INTERPRETATION, IN TERMS OF x AND y, OF TRILITERAL DIAGRAM, WHEN MARKED WITH COUNTERS OR DIGITS.
The problem before us is, given a marked Triliteral Diagram, to ascertain what Propositions of Relation, in terms of x and y, are represented on it.
The best plan, for a beginner, is to draw a Biliteral Diagram alongside of it, and to transfer, from the one to the other, all the information he can. He can then read off, from the Biliteral Diagram, the required Propositions. After a little practice, he will be able to dispense with the Biliteral Diagram, and to read off the result from the Triliteral Diagram itself.
To transfer the information, observe the following Rules:—
(1) Examine the N.W. Quarter of the Triliteral Diagram.

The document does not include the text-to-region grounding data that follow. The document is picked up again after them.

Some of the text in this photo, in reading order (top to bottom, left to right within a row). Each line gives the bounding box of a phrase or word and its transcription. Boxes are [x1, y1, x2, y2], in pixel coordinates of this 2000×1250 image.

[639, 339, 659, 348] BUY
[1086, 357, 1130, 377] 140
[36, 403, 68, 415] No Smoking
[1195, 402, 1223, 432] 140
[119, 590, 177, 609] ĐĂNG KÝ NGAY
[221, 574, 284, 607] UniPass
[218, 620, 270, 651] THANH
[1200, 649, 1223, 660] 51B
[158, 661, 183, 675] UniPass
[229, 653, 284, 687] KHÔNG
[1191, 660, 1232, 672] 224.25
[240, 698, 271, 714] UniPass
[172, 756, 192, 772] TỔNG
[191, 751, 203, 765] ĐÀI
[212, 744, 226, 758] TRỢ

(2) If it contains a “I”, in either Cell, it is certainly
occupied, and you may mark the N.W. Quarter of the
Biliteral Diagram with a “I”.
(3) If it contains two “O”s, one in each Cell, it is
certainly empty, and you may mark the N.W. Quarter of the
Biliteral Diagram with a “O”.
pg054(4) Deal in the same way with the N.E., the S.W., and the
S.E. Quarter.
[Let us take, as examples, the results of the four Examples worked in the previous Chapters.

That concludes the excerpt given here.